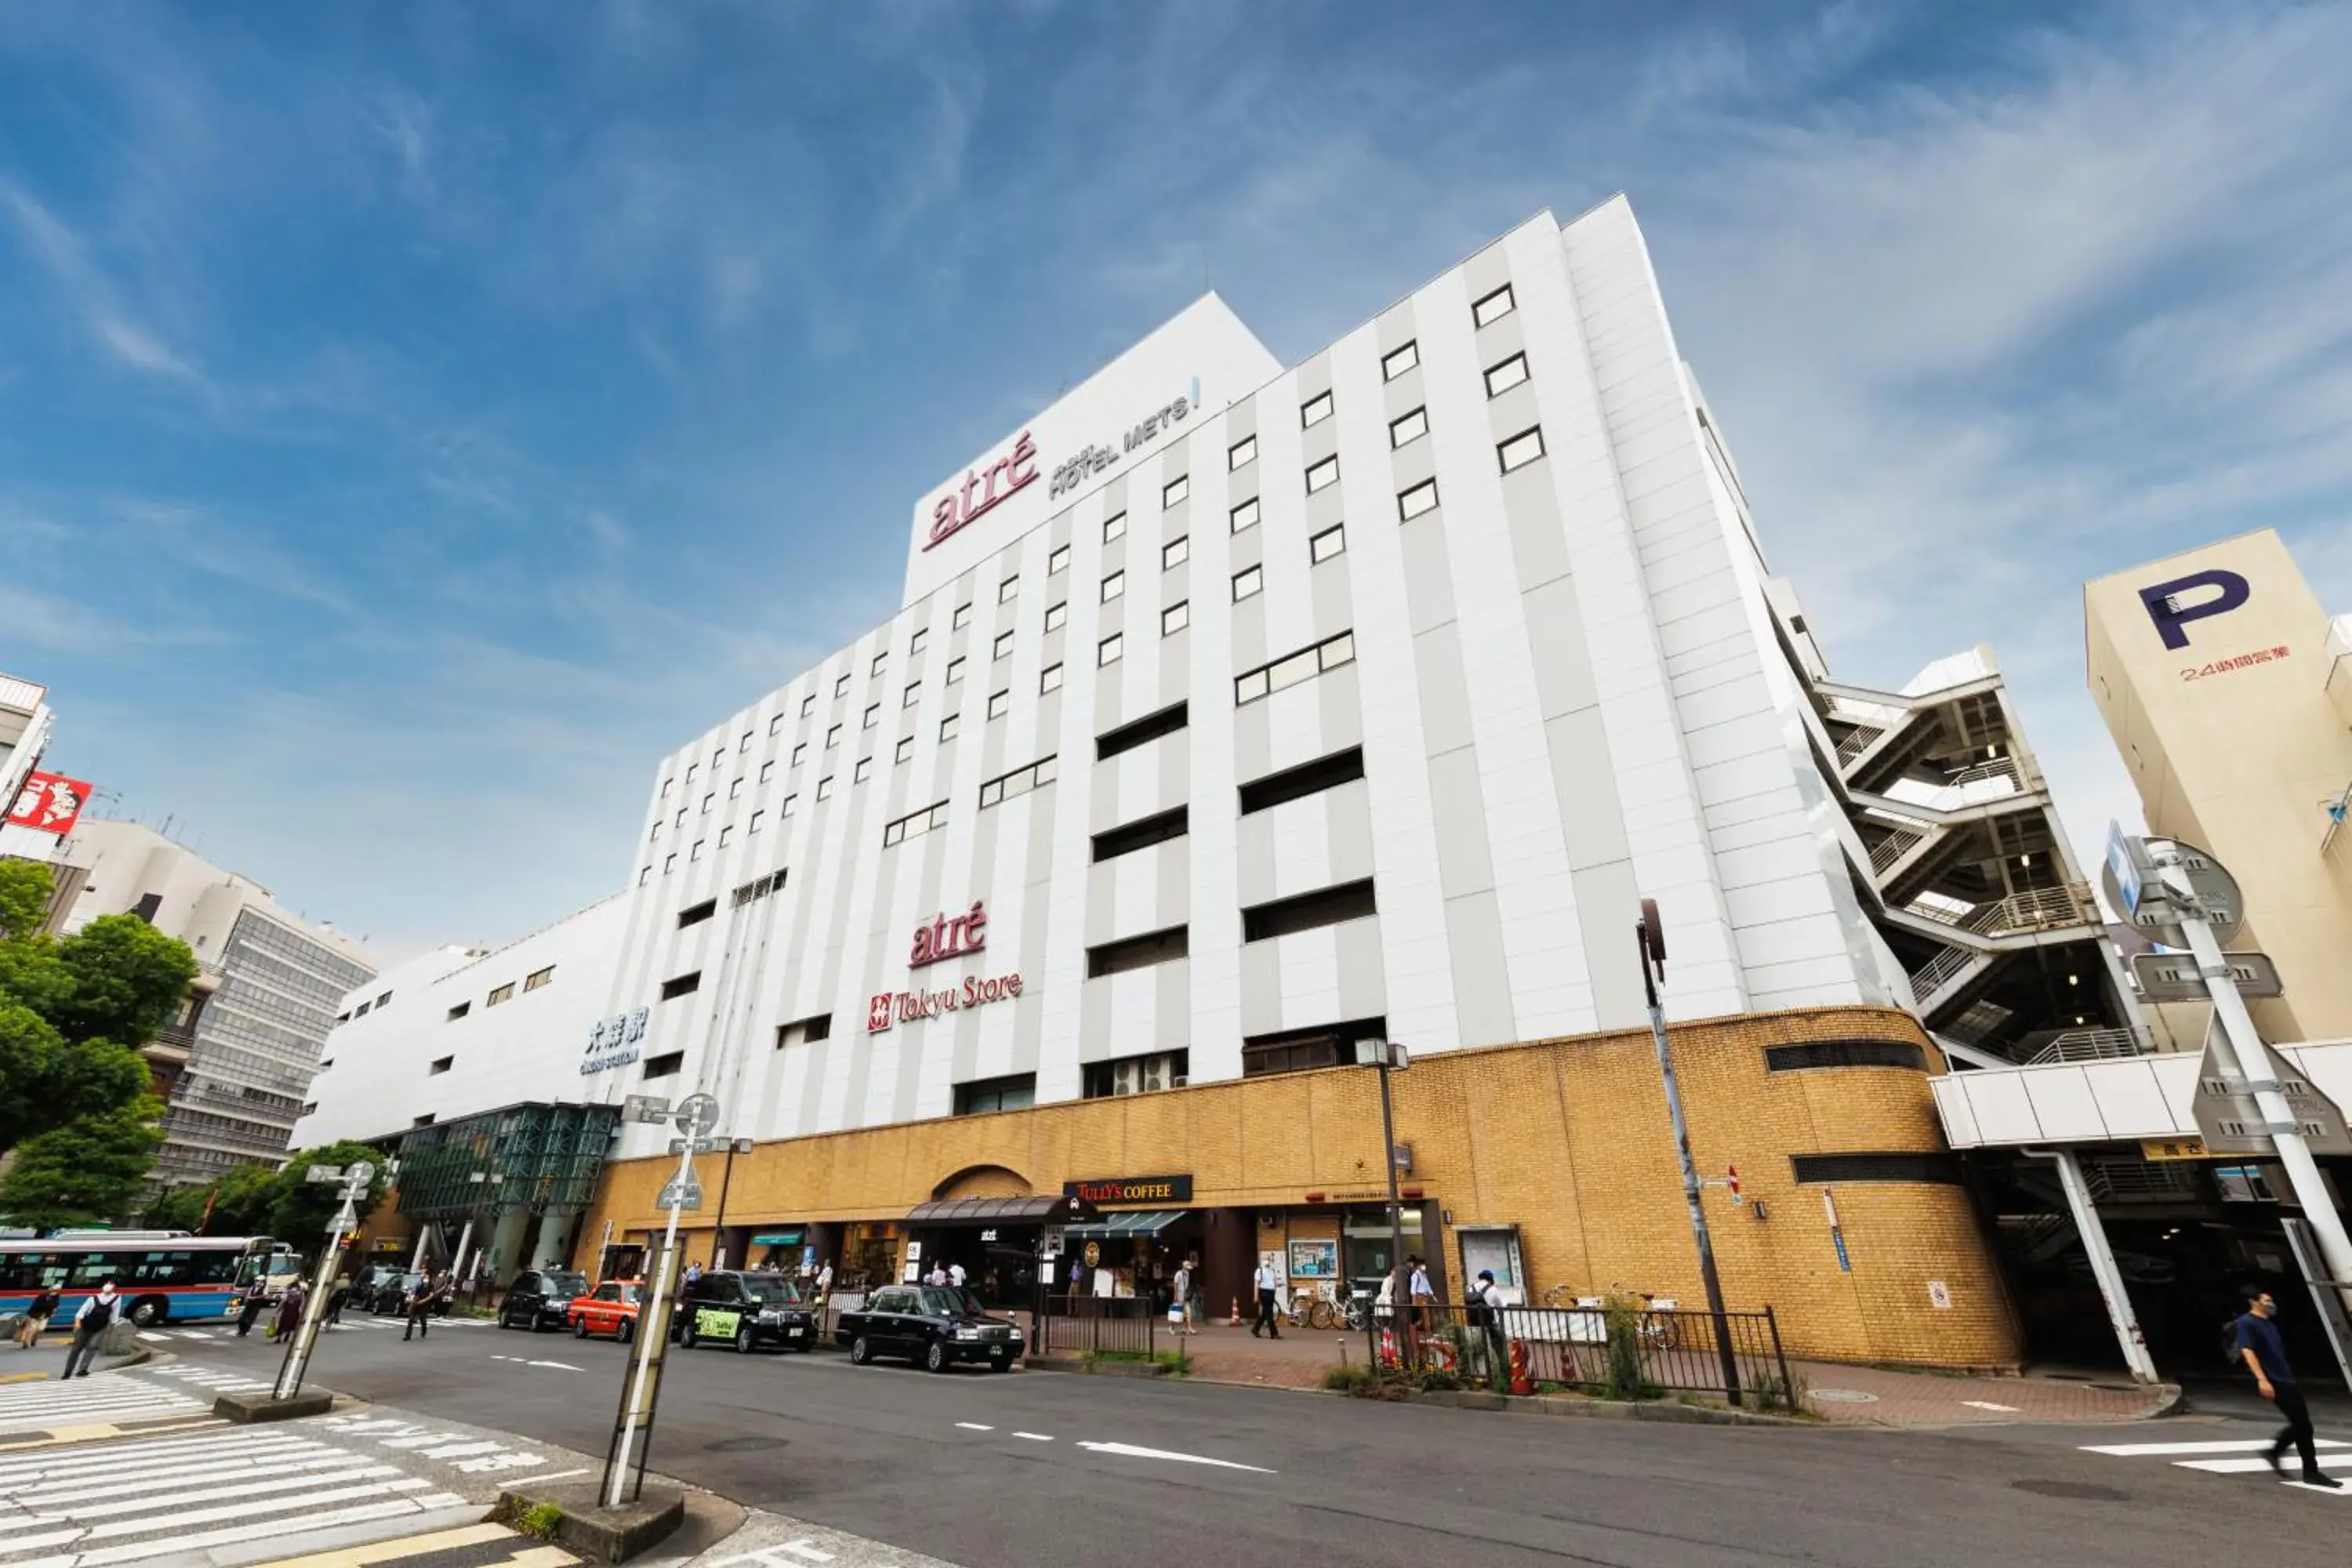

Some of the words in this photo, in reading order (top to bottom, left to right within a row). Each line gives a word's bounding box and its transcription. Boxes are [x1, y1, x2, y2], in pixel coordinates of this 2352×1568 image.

[1048, 444, 1120, 501] HOTEL
[1123, 395, 1189, 453] METS
[925, 428, 1041, 546] atré
[2138, 569, 2250, 650] P
[2180, 645, 2291, 683] 24時間営業
[908, 900, 987, 970] atré
[895, 987, 959, 1023] Tokyu
[961, 972, 1023, 1007] Store
[1078, 1183, 1122, 1200] TULLY'S
[1123, 1184, 1171, 1199] COFFEE
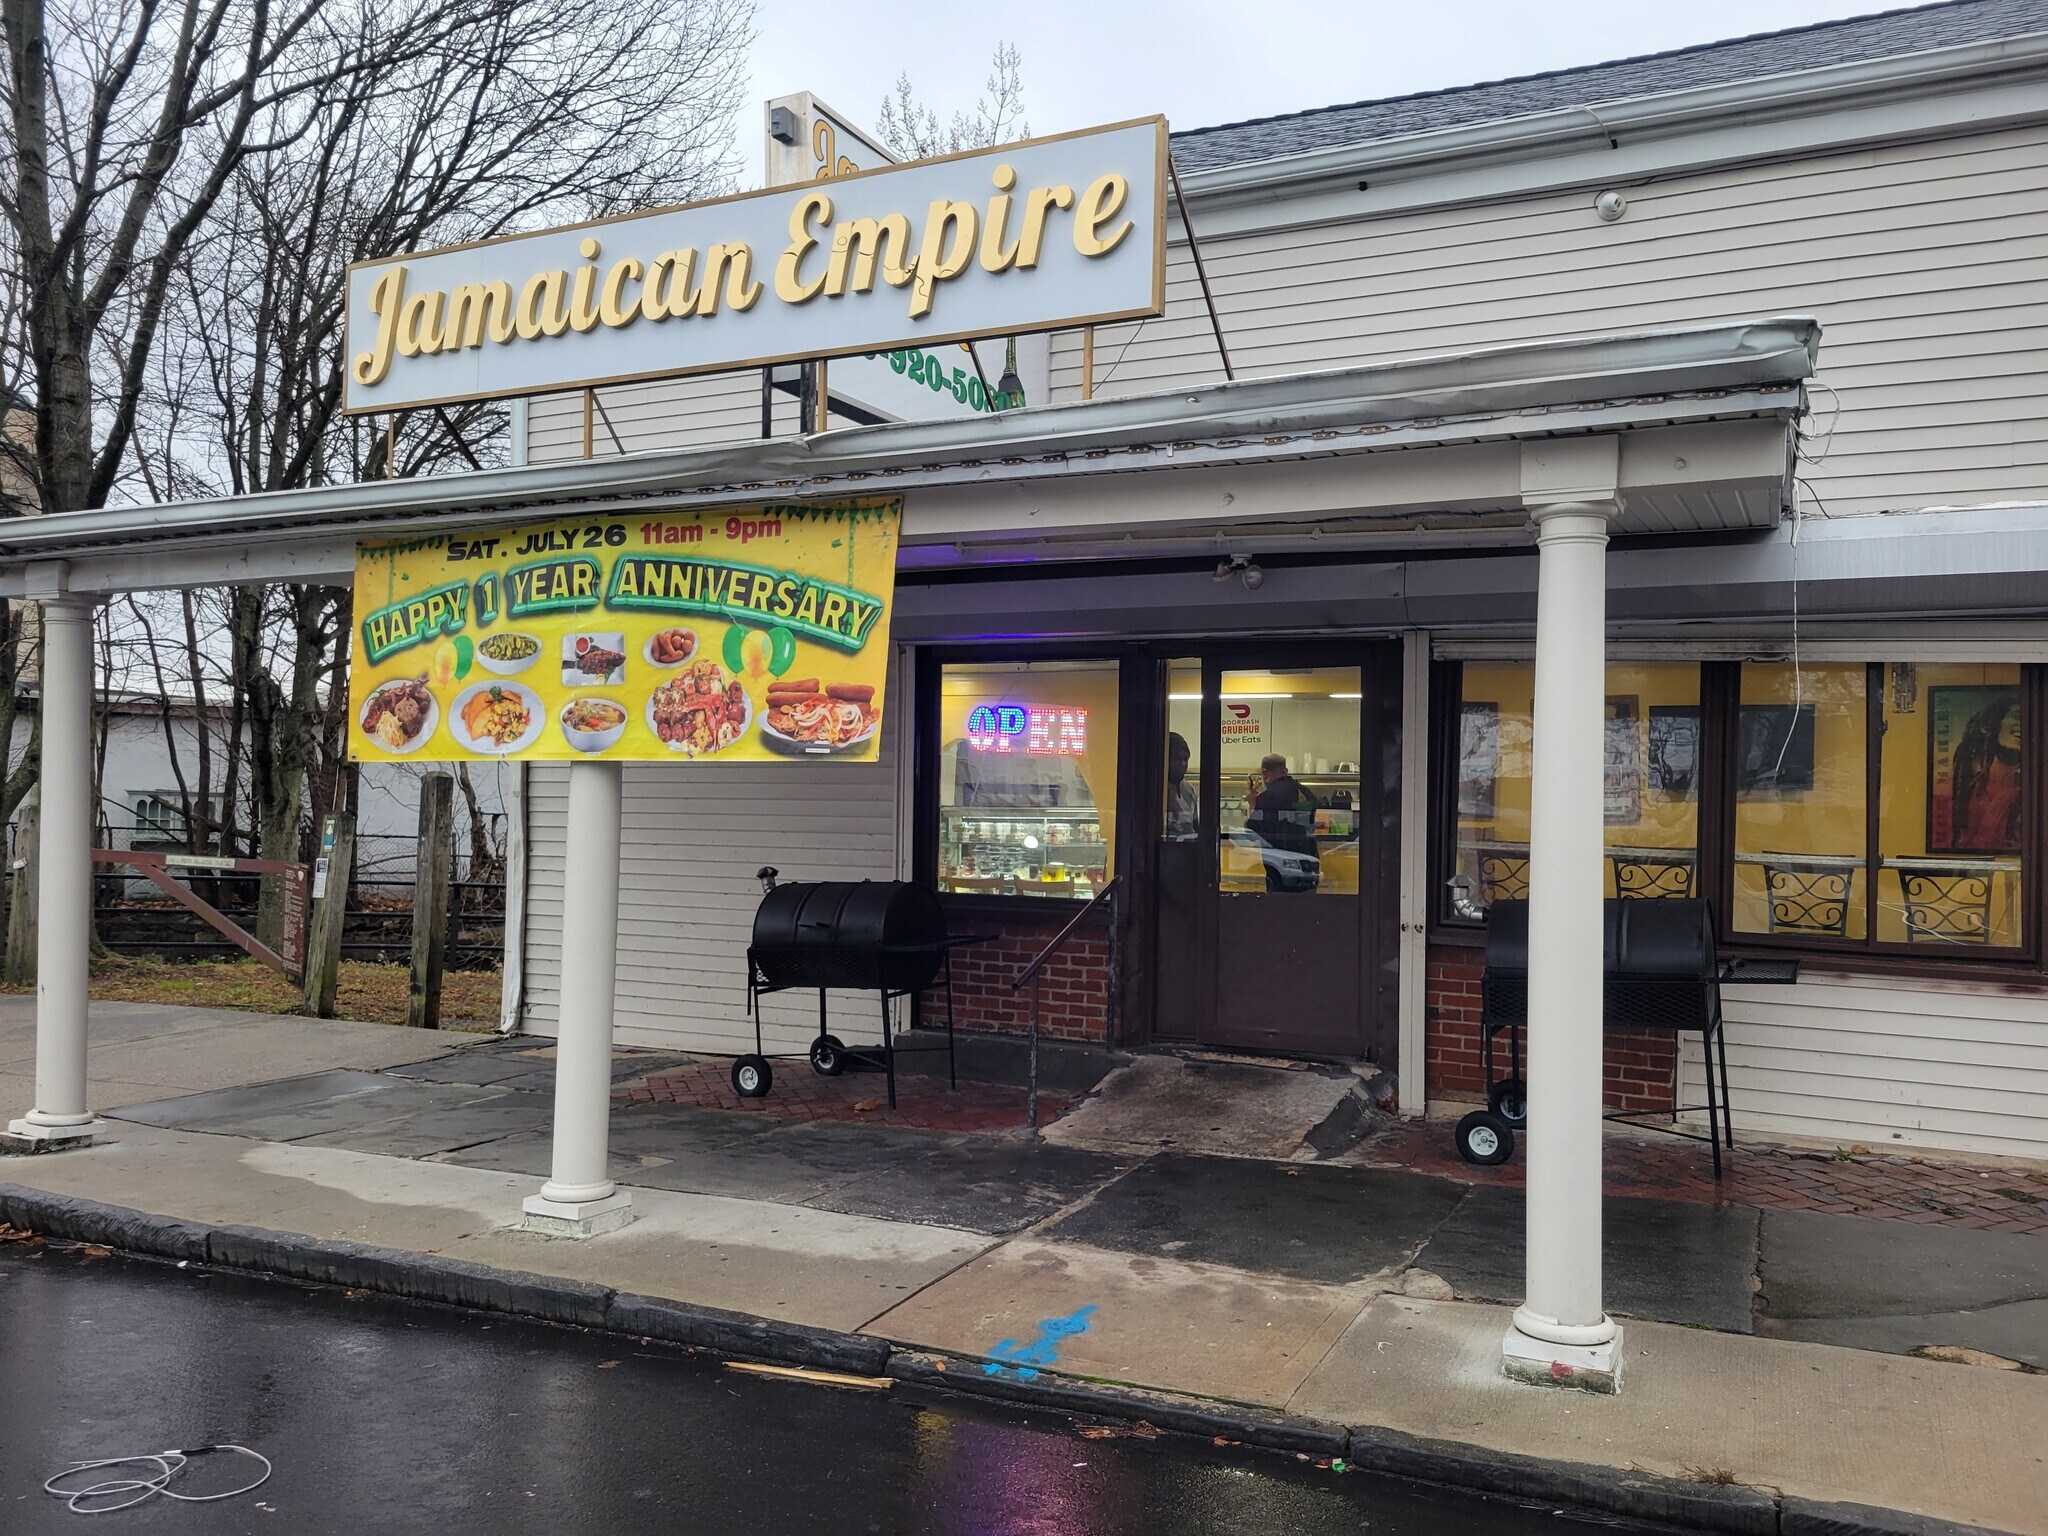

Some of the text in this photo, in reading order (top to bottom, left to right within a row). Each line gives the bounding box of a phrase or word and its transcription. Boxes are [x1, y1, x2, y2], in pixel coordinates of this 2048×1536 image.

[353, 164, 1135, 387] Jamaican Empire
[446, 538, 507, 562] SAT.
[640, 522, 703, 545] 11am
[726, 517, 782, 544] 9pm
[370, 562, 874, 652] HAPPY 1 YEAR ANNIVERSARY
[969, 706, 1087, 755] OPEN
[1222, 725, 1259, 734] GRUBHUB
[1222, 736, 1241, 744] Uber

* [TASK GOAL]:
Nothing but the lines from the one containing "Some of the text" to the end of the records above should appear, each copied exactly.

* [RESPONSE TO THIS EXERCISE]:
Some of the text in this photo, in reading order (top to bottom, left to right within a row). Each line gives the bounding box of a phrase or word and its transcription. Boxes are [x1, y1, x2, y2], in pixel coordinates of this 2048×1536 image.

[353, 164, 1135, 387] Jamaican Empire
[446, 538, 507, 562] SAT.
[640, 522, 703, 545] 11am
[726, 517, 782, 544] 9pm
[370, 562, 874, 652] HAPPY 1 YEAR ANNIVERSARY
[969, 706, 1087, 755] OPEN
[1222, 725, 1259, 734] GRUBHUB
[1222, 736, 1241, 744] Uber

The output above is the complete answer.